The last time the NFL MVP was on the Super Bowl winning team was the 1999 season.
Kurt Warner on the St. Louis Rams.
Tom Brady has won 3 MVPs, but none during the six years his team won the Super Bowl.
Peyton Manning somehow won 5 MVPs, but none during the two years his team won the Super Bowl.
The last time the highest paid player, based on salary cap number, was on the Super Bowl winning team was in 1994. Steve Young on the San Francisco 49ers.
If winning, whether in sports or business, is about much more than having the perceived best individual or even the highest paid. In fact, those will usually work against you in the end.
Some businesses have had strong individual leaders. Many successful businesses have partners. Perhaps with one person taking the lead, but not taking on too much individual responsibility or credit or compensation.
But obviously building a team of business partners isn’t easy. Analytics can’t do it. Your gut can’t do it. There is certainly luck involved.
But here are a few things that seem to be common across successful partnerships, whether in business, sports or life in general…
1. Shared Vision
If you’re not on the same page about where you want to go, the odds are basically zero that you’ll end up in the same place or the place that either of you want to go. And even if you do go where one person wants, the others will likely be unhappy about it. Even if it seems good for that one person and perhaps even one or two more.
To some, a mediums-sized business is the vision. It’s difficult to argue that it would be a success. But to other folks in business that might not be enough. Or it might be too much.
When you’re building a team, especially for yourself, you need to be on the same page, working toward the same vision or goal. You might be able to build in a little success here and there, but ultimately things will fall apart.
2. Shared Intentions
Intentions mean that the decisions you’re making are for the good of the vision. Everybody will make a decision that turns out negative. Most will agree that it’s negative. The person that made the decision will probably feel bad.
That’s okay. If you don’t allow this to occur you likely won’t make progress.
The key is intentions and understanding that even though the partner made a “bad decision”, they did it for the right reasons. They didn’t purposely sabotage the vision.
3. Shared Appreciation for Fundamentals
It’s way past the point of being cliche. In sports. In business. In life.
But fundamentals are the key to success in business.
Southwest Airlines famously stuck with a set of core fundamentals for much of its rise to fame and even today holds true to those fundaments. It doesn’t matter what new technology comes along. Or gimmicks. Or any of that stuff.
You hold to the fundamentals until it’s just not possible anymore. And even then you take it slow on accepting something as a new fundamental.
Jim Collins referred to it as a SMaC Recipe.
4. Consistent Personality
In times of crisis, or extreme enthusiasm, it’s good to know that a person can be stable. Hysteria leads to poor decision making and a lost confidence from the team.

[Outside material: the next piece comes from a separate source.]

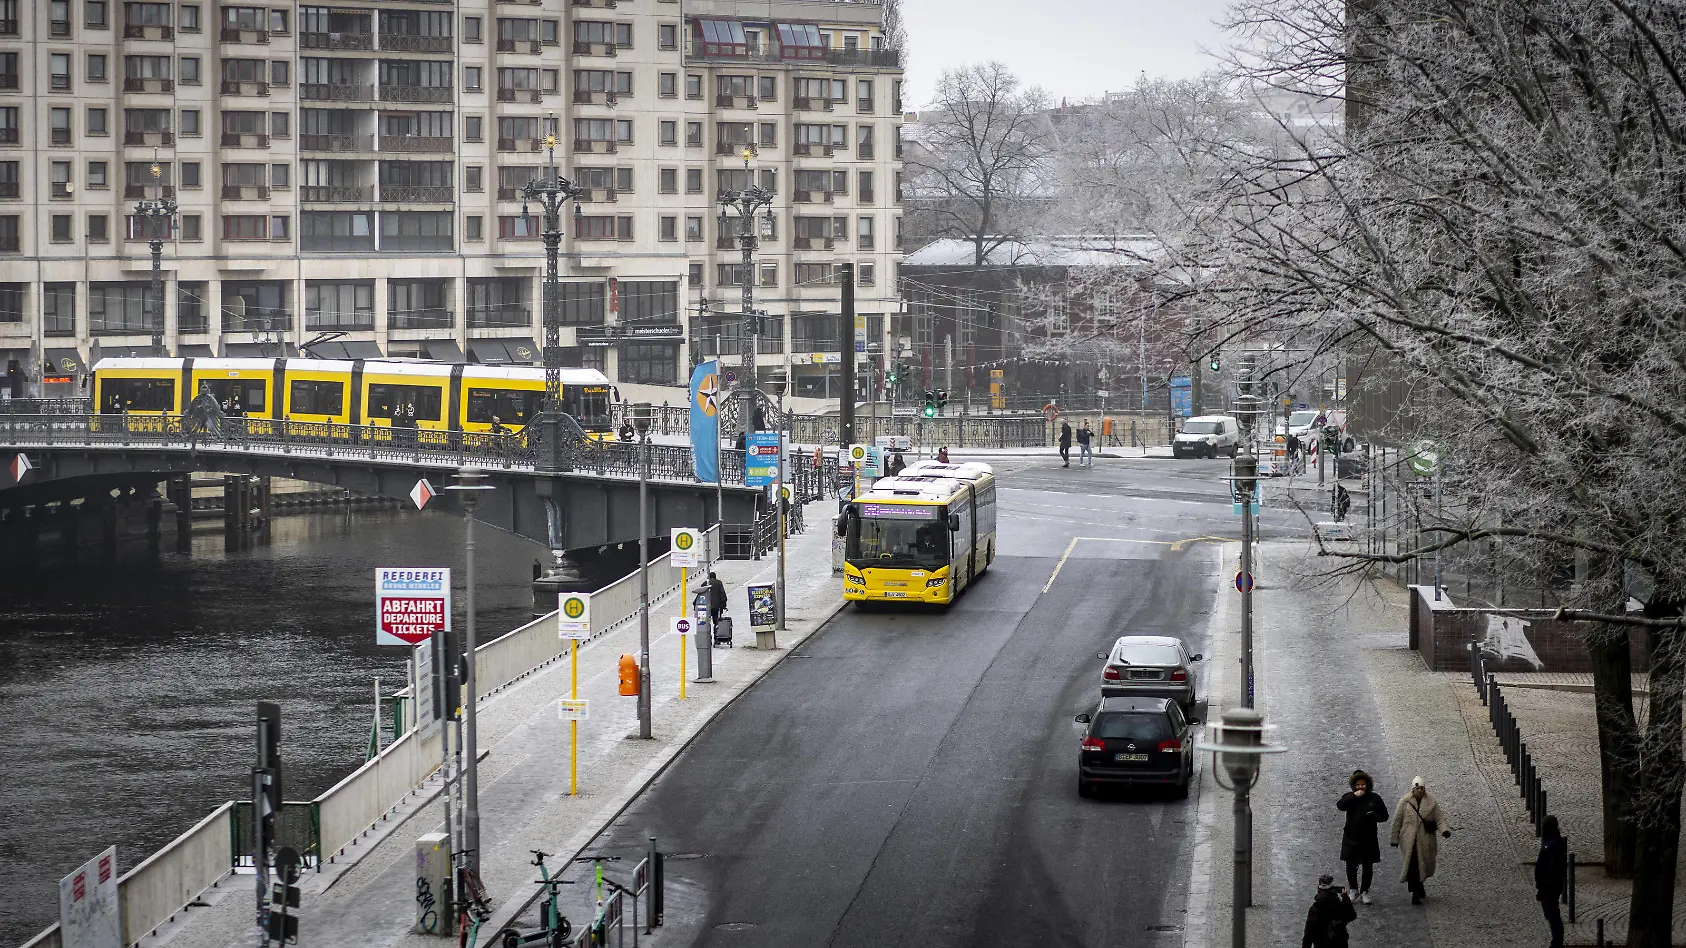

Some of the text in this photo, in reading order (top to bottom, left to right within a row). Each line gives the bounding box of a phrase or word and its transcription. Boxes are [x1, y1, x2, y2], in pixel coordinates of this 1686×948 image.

[383, 571, 443, 580] REEDEREI
[383, 600, 443, 613] ABFAHRT
[384, 613, 443, 623] DEPARTURE
[391, 624, 435, 634] TICKETS

Security is one of the core things humans seek in life. That includes the people they surround themselves with. If someone is prone to inconsistency, it’s difficult to anticipate how they will react in the future.
You can’t partner with someone that leads an inconsistent life. You won’t know how to anticipate their decisions and they’re likely to make a decision that kills the business. Not all the time, but it only takes on decision of a certain magnitude for a business to go under.
5. Complementary Abilities
Peyton Manning is perhaps the best quarterback of all time. His 5 MVPs would seem to be the biggest indicator of that fact. But even Peyton Manning wasn’t on the NFL field for more than 50% of any game. So he had to rely on other players for the team to win games and win Super Bowls.
Generally, it’s good to find partners with good complementary abilities. This way you can mesh together and naturally lift the team without ego getting in the way or jealousy.
By now you’re probably thinking it’s impossible to find all these things. And that’s kind of the point. It’s easy to overlook these things and go into business hoping for the best. But many businesses fail, especially startups. For these and for many other reasons.
Even if you do find a partner or partners with these things above, you’re still in for a tricky climb to success. But these an help set you up with the best odds of getting there.